A INTELIGÊNCIA E O CADAFALSO, coletânea que reúne seus textos críticos, restitui Camus ao universo literário que sempre alimentou uma criação que retorna sem cessar a um horizonte pessoal de representações. O mais longo destes ensaios, uma leitura da obra de Roger Martin du Gard, é uma pequena aula de interpretação literária. Mas é num comentário absolutamente periférico — quando afirma que, "como todo verdadeiro artista, Martin du Gard não consegue se livrar de suas obsessões" — que podemos reconhecer a maneira como Camus lê os autores que elege.

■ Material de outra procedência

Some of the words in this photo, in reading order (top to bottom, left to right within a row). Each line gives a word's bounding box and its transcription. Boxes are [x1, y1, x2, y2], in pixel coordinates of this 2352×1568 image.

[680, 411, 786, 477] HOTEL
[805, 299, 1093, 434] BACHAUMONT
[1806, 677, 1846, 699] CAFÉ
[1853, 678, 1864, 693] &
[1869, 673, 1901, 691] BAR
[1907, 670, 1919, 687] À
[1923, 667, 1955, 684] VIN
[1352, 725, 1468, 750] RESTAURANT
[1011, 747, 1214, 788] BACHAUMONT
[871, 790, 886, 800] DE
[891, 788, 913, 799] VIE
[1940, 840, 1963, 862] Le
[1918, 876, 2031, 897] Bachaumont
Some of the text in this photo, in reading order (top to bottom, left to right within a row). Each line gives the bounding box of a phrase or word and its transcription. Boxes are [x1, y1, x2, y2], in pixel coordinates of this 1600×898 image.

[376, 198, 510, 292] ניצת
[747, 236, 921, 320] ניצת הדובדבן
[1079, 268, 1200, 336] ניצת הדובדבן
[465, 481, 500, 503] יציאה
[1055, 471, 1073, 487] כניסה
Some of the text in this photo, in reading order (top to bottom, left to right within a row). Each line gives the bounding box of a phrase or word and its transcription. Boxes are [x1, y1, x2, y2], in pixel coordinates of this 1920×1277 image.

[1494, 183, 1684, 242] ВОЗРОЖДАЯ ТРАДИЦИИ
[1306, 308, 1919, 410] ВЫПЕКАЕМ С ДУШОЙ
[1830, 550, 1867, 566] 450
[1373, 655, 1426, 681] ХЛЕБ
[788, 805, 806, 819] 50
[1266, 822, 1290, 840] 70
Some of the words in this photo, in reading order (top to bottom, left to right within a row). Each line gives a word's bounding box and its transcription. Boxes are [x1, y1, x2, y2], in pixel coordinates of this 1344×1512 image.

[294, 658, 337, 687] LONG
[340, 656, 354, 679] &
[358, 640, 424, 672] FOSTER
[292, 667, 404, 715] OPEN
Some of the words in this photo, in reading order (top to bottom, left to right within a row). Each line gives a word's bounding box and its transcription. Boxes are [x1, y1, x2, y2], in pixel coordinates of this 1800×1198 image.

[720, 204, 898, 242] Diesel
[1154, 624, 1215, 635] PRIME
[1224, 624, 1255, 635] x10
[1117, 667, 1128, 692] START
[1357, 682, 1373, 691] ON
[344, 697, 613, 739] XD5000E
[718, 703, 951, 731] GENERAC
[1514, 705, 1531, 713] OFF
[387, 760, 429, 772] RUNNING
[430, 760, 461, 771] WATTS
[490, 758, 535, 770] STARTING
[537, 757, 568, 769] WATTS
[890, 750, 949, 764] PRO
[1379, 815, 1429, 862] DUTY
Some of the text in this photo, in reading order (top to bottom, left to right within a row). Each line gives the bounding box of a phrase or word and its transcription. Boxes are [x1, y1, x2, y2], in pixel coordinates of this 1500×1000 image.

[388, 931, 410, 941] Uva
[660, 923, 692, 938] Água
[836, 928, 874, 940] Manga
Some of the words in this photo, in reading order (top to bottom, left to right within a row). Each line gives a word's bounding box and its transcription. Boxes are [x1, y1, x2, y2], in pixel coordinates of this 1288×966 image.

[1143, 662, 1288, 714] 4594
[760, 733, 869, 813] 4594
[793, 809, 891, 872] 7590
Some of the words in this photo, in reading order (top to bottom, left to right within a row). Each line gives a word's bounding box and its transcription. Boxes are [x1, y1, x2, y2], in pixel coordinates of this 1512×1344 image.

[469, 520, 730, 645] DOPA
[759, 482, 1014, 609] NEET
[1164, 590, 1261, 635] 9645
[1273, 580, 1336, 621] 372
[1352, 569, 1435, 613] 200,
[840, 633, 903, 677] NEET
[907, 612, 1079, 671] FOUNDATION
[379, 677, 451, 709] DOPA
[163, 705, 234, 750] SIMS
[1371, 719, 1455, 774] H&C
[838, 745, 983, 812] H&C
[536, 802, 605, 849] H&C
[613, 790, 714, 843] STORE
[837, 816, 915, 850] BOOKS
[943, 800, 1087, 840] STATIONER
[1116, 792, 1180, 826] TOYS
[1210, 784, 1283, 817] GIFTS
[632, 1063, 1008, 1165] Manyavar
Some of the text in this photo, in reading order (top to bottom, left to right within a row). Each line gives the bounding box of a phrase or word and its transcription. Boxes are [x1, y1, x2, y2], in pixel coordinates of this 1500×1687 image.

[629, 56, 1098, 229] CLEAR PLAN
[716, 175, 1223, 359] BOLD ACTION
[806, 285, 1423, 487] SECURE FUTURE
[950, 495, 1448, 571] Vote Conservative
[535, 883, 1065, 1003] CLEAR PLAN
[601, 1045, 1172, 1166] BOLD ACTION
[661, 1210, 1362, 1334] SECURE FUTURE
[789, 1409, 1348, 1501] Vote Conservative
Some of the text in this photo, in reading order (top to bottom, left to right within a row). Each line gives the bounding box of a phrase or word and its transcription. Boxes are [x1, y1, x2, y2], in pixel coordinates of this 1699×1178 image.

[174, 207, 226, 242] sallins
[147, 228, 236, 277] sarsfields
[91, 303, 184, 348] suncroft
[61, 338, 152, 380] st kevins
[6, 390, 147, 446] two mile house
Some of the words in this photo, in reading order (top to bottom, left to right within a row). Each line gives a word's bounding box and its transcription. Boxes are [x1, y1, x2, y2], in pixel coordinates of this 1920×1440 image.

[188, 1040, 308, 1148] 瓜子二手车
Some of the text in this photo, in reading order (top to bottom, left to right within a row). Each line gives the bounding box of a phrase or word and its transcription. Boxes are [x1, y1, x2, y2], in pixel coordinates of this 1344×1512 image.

O que ele encontra é justamente a figuração de um hedonismo desesperado que estará na origem de Núpcias, um de seus primeiros livros, e da noção de absurdo que vai percorrer todas as suas obras ficcionais e ensaísticas.

Só isso já seria suficiente para mostrar o quanto o pensamento de Camus tem uma raiz literária totalmente diferente do existencialismo, ao qual vem normalmente associado. É o próprio Camus quem o nota, ao observar que o Sartre de A náusea faz com que o desacordo do homem frente à realidade brote daquilo que é repugnante, ao passo que, para Camus, o absurdo nasce justamente da contemplação de êxtases envenenados pela idéia da morte. "Sem a beleza, o amor ou o perigo, seria quase fácil viver."

Publicado em 1943, pouco depois de O estrangeiro, A inteligência e o cadafalso condensa o percurso literário e ensaístico de Camus. A partir daí, sua obra se desdobra em personagens e em raciocínios concêntricos: o absurdo, a gratuidade, a culpa, o gozo e a beleza encarnam sua concepção do homem. Nos textos deste livro, é possível reconhecer as engrenagens do absurdo. Trata-se, enfim, de uma mitologia pessoal, projetada nas suas leituras, nas reflexões sobre a linguagem e sobre a literatura que podem redimensionar o alcance de sua obra como um dos marcos da literatura desse século.